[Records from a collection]

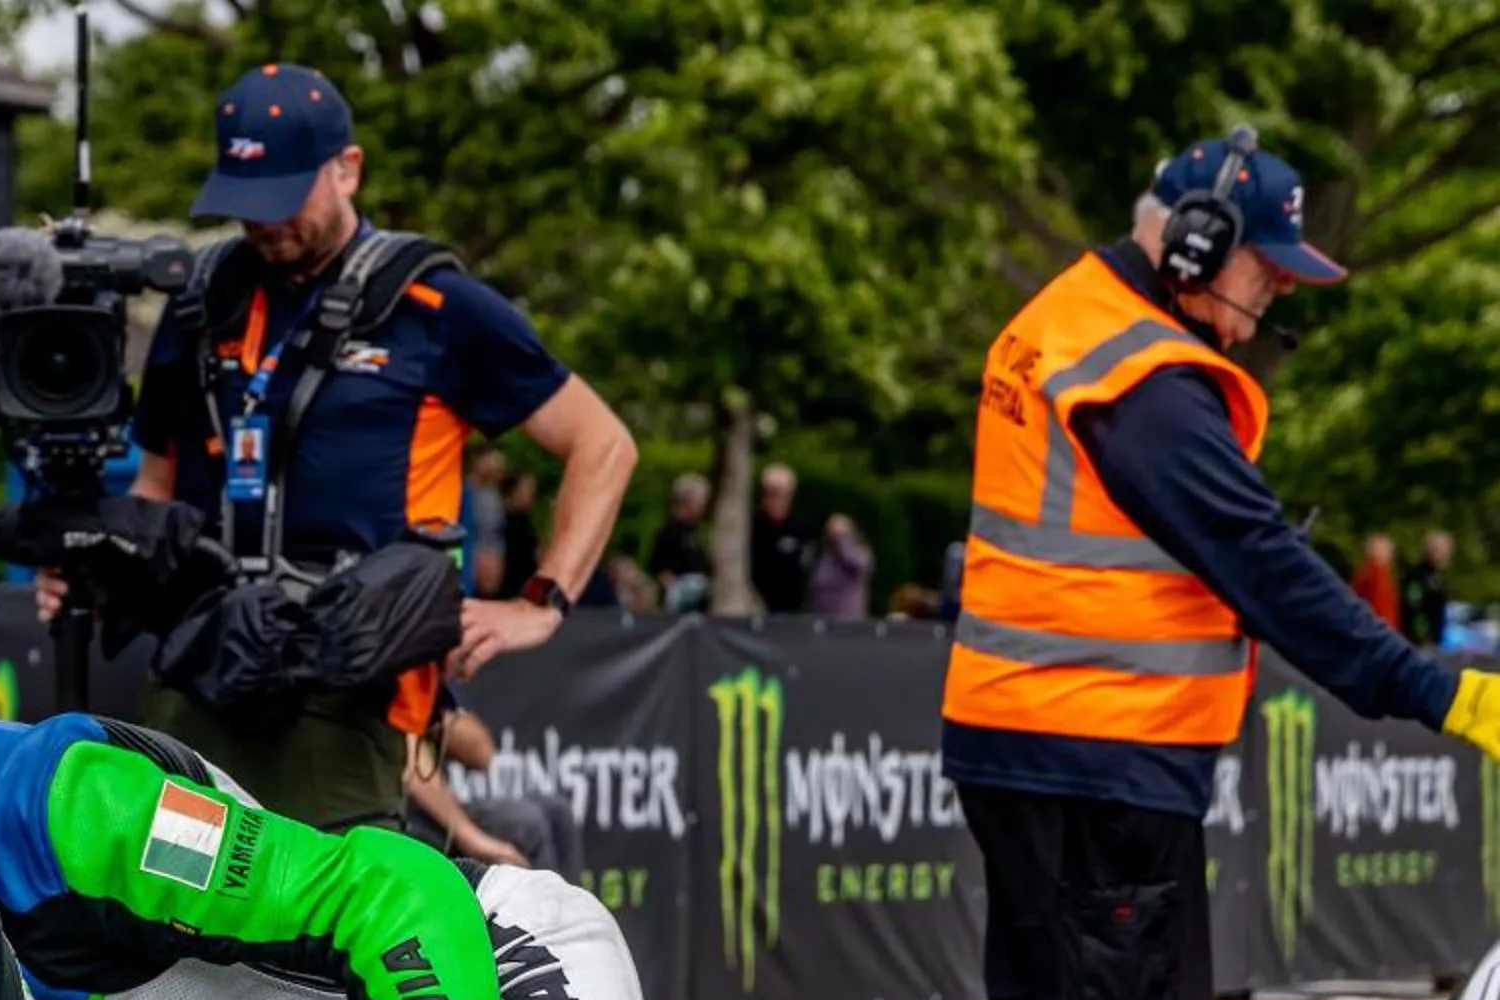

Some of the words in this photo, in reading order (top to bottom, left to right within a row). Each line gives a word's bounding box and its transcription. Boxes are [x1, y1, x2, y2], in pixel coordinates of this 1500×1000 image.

[786, 731, 968, 847] MONSTE
[1315, 740, 1460, 840] MONSTER
[224, 809, 264, 888] YAMAHA
[817, 861, 955, 903] ENERGY
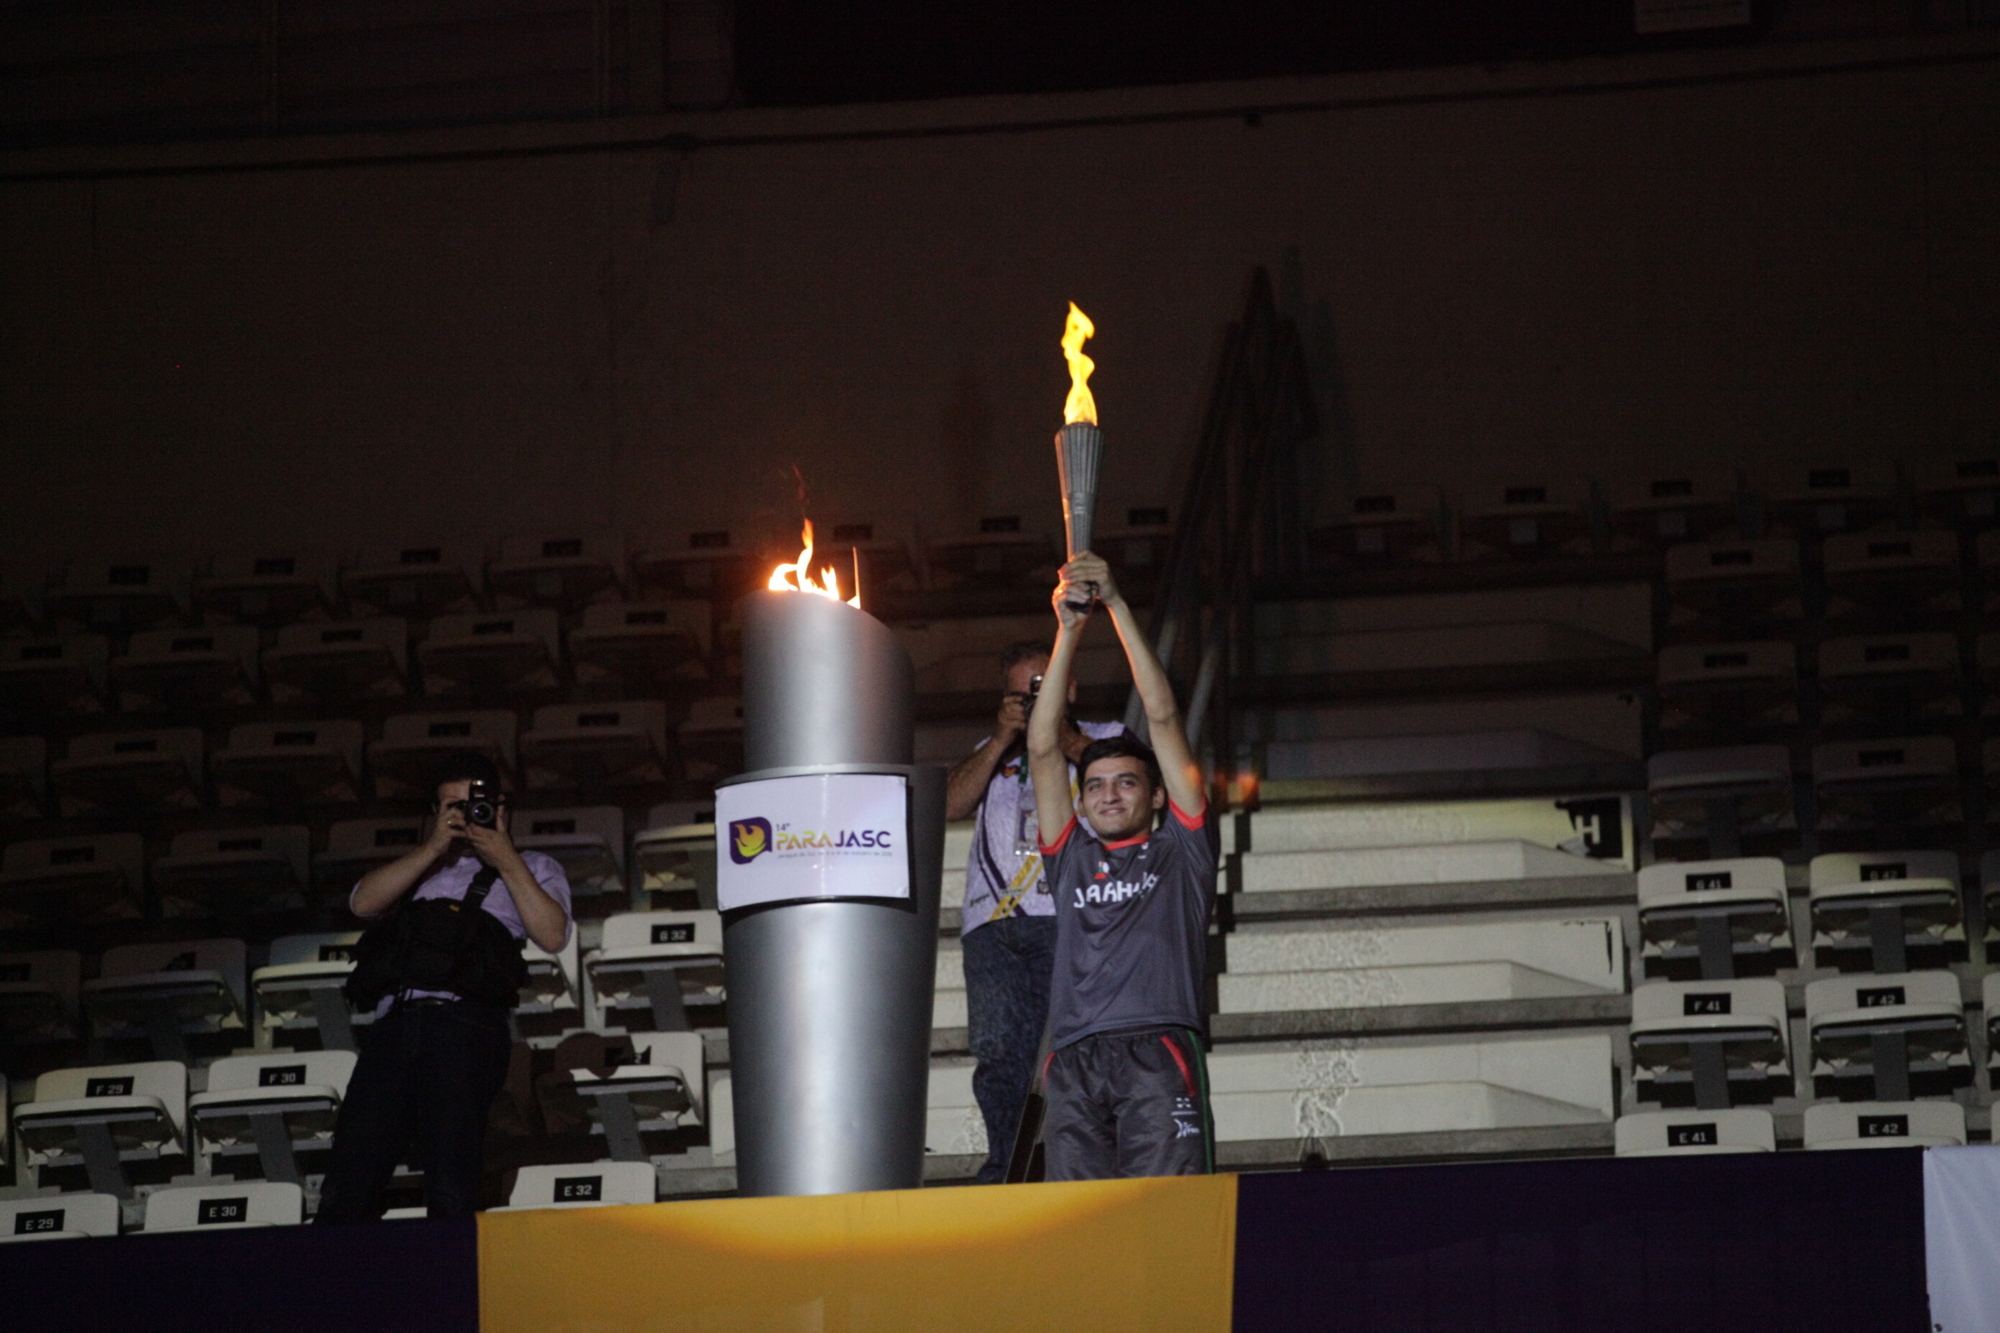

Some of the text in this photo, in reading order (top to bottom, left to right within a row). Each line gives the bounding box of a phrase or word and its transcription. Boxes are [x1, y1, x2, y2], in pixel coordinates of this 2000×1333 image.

[670, 929, 687, 941] 32
[1694, 1000, 1721, 1012] F 41
[1867, 994, 1896, 1006] F 42
[269, 1072, 297, 1084] F 30
[96, 1084, 124, 1095] F 29
[1869, 1122, 1899, 1135] E 42
[1679, 1131, 1707, 1144] E 41
[563, 1184, 592, 1197] E 32
[209, 1205, 237, 1218] E 30
[25, 1218, 54, 1231] E 29
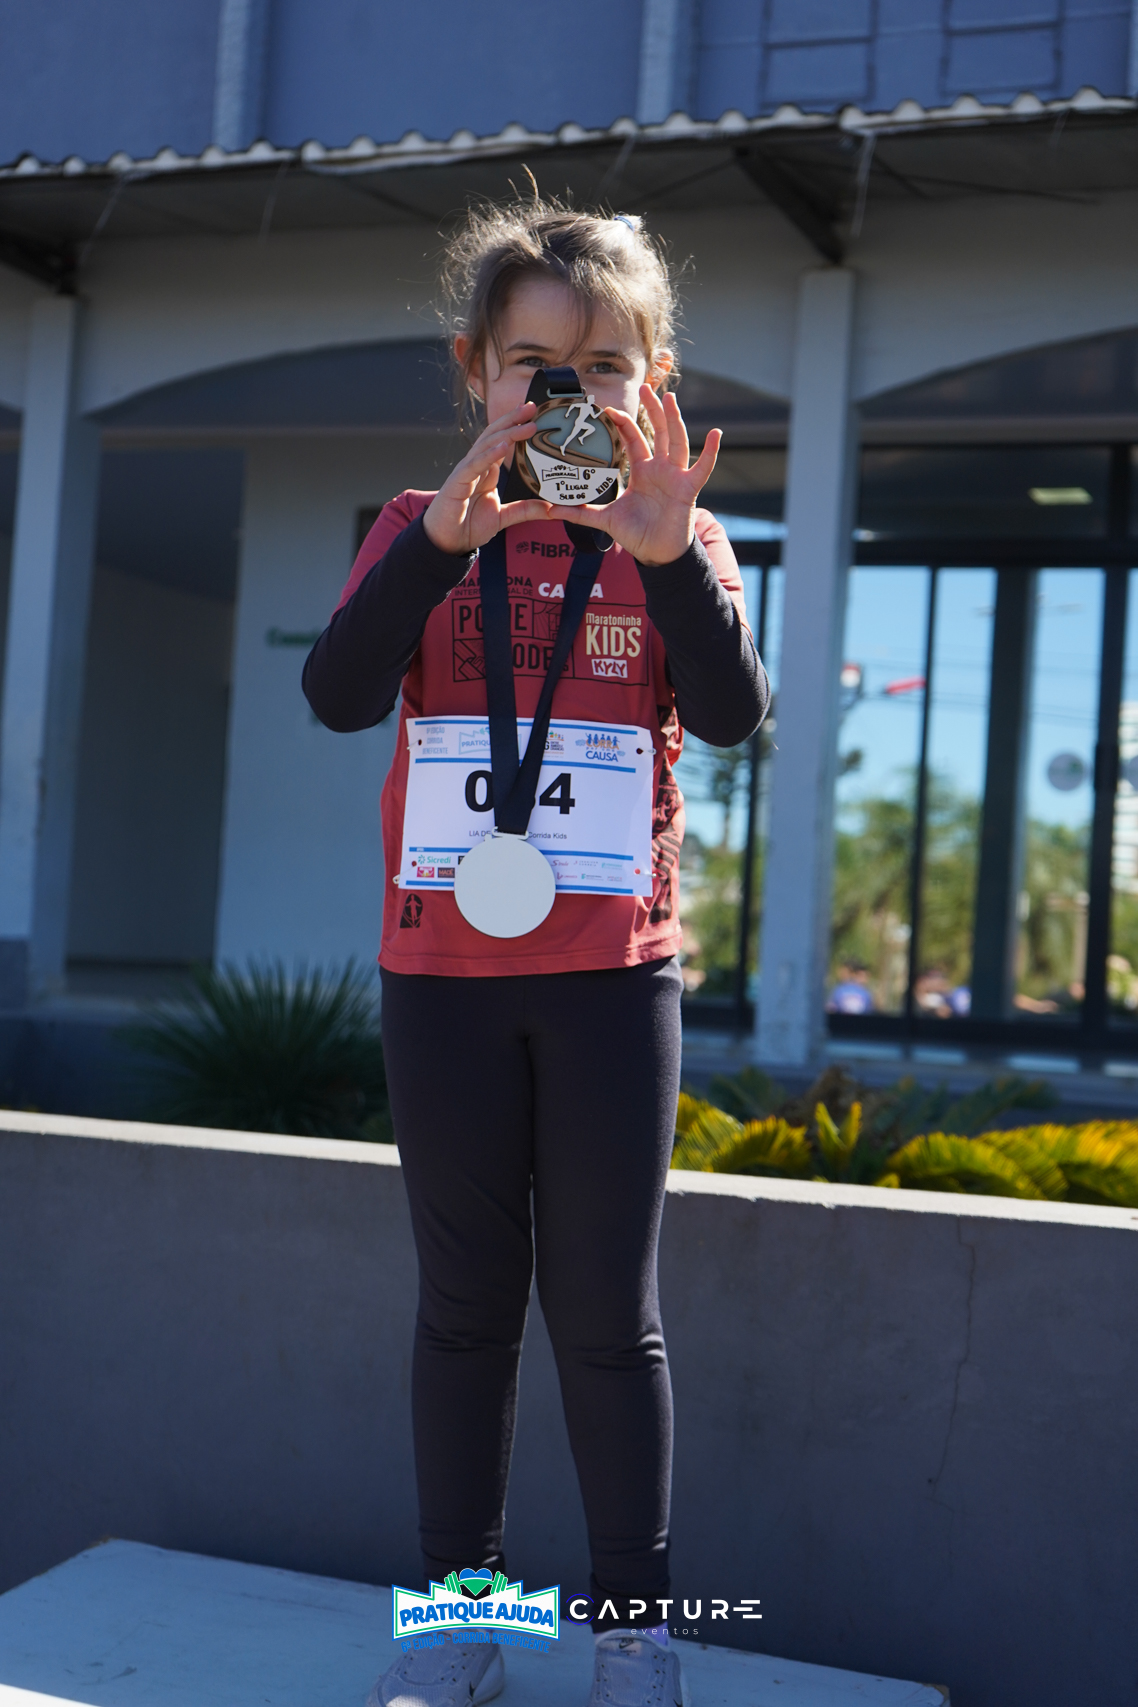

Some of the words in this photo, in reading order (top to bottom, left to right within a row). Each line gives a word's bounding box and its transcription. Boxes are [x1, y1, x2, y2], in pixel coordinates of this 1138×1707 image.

[595, 476, 614, 495] KIDS
[455, 576, 533, 588] MAONA
[538, 581, 604, 599] CAA
[454, 588, 521, 596] INTERNAL
[523, 588, 533, 596] DE
[459, 603, 528, 634] POE
[585, 612, 642, 627] Maratoninha
[586, 624, 642, 658] KIDS
[512, 643, 555, 671] ODE
[593, 659, 626, 677] KYLY
[462, 739, 491, 747] PRATIQU
[585, 750, 619, 763] CAUSA
[464, 769, 576, 815] 04
[528, 831, 551, 839] Corrida
[427, 855, 452, 864] Sicredi
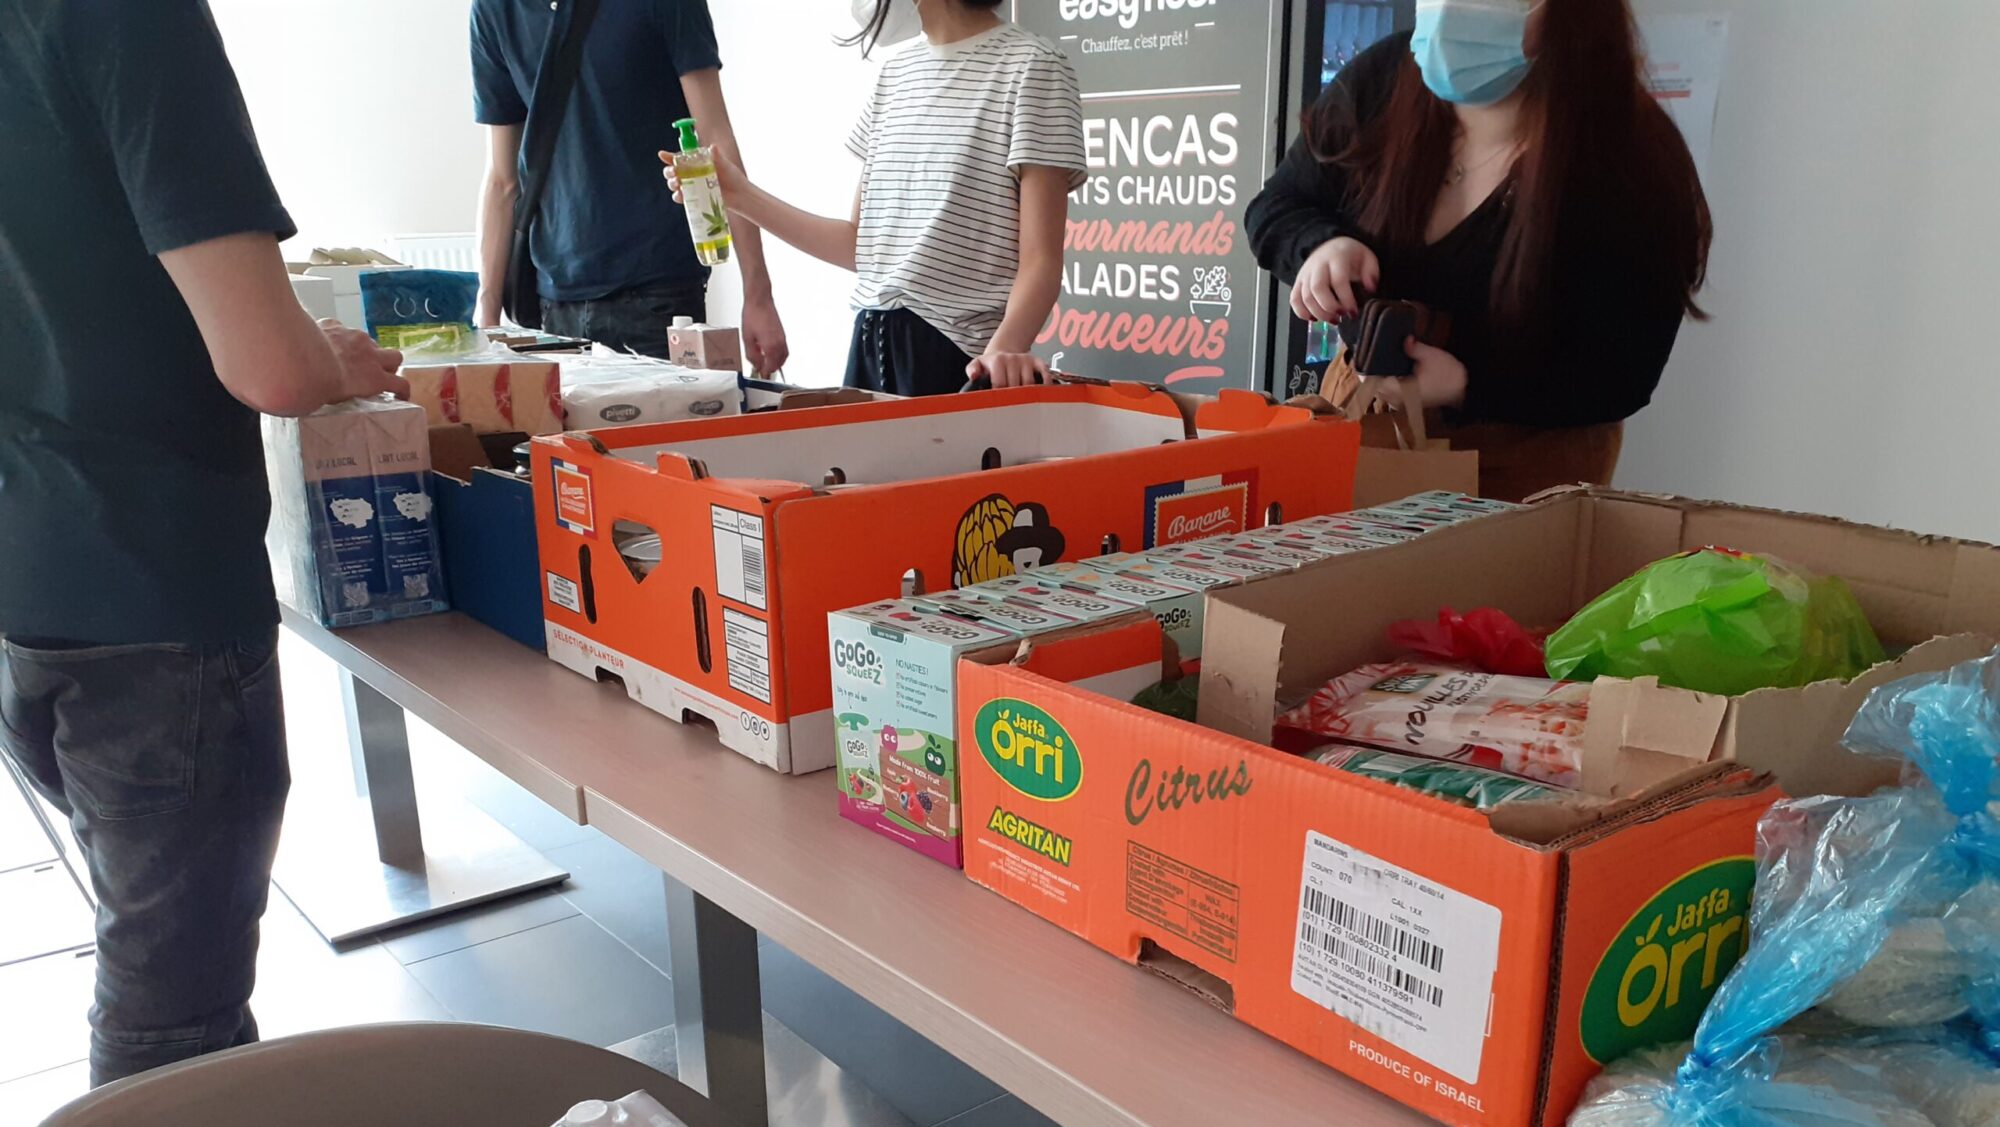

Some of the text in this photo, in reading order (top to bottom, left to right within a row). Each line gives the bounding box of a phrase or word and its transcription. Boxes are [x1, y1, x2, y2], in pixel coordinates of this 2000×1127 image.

### [WORK REQUEST]
Each record has to be set down verbatim, and the pictures must not appear in the copy.

### [TASK SOLUTION]
Some of the words in this photo, in reading order (top to bottom, left to right within a row). Each line gives a word's bounding box and its transcription. Boxes are [x1, y1, x2, y2], in pixel coordinates of this 1500×1000 image.

[786, 731, 968, 847] MONSTE
[1315, 740, 1460, 840] MONSTER
[224, 809, 264, 888] YAMAHA
[817, 861, 955, 903] ENERGY

Some of the text in this photo, in reading order (top to bottom, left to right within a row). Each line gives the bounding box of a phrase or word and its transcription. Boxes are [x1, y1, x2, y2], in pixel coordinates of this 2000×1333 image.

[670, 929, 687, 941] 32
[1694, 1000, 1721, 1012] F 41
[1867, 994, 1896, 1006] F 42
[269, 1072, 297, 1084] F 30
[96, 1084, 124, 1095] F 29
[1869, 1122, 1899, 1135] E 42
[1679, 1131, 1707, 1144] E 41
[563, 1184, 592, 1197] E 32
[209, 1205, 237, 1218] E 30
[25, 1218, 54, 1231] E 29

Some of the words in this photo, in reading order (top to bottom, left to right within a row). Each line gives a word's bounding box and its transcription. Boxes are [x1, y1, x2, y2], in pixel coordinates of this 1138×1707 image.

[595, 476, 614, 495] KIDS
[455, 576, 533, 588] MAONA
[538, 581, 604, 599] CAA
[454, 588, 521, 596] INTERNAL
[523, 588, 533, 596] DE
[459, 603, 528, 634] POE
[585, 612, 642, 627] Maratoninha
[586, 624, 642, 658] KIDS
[512, 643, 555, 671] ODE
[593, 659, 626, 677] KYLY
[462, 739, 491, 747] PRATIQU
[585, 750, 619, 763] CAUSA
[464, 769, 576, 815] 04
[528, 831, 551, 839] Corrida
[427, 855, 452, 864] Sicredi

Some of the text in this photo, in reading order (top to bottom, left to right within a row). Each line gives the bounding box of a phrase or word and its transcription. Boxes are [x1, y1, x2, y2], in pixel coordinates of this 2000×1127 image.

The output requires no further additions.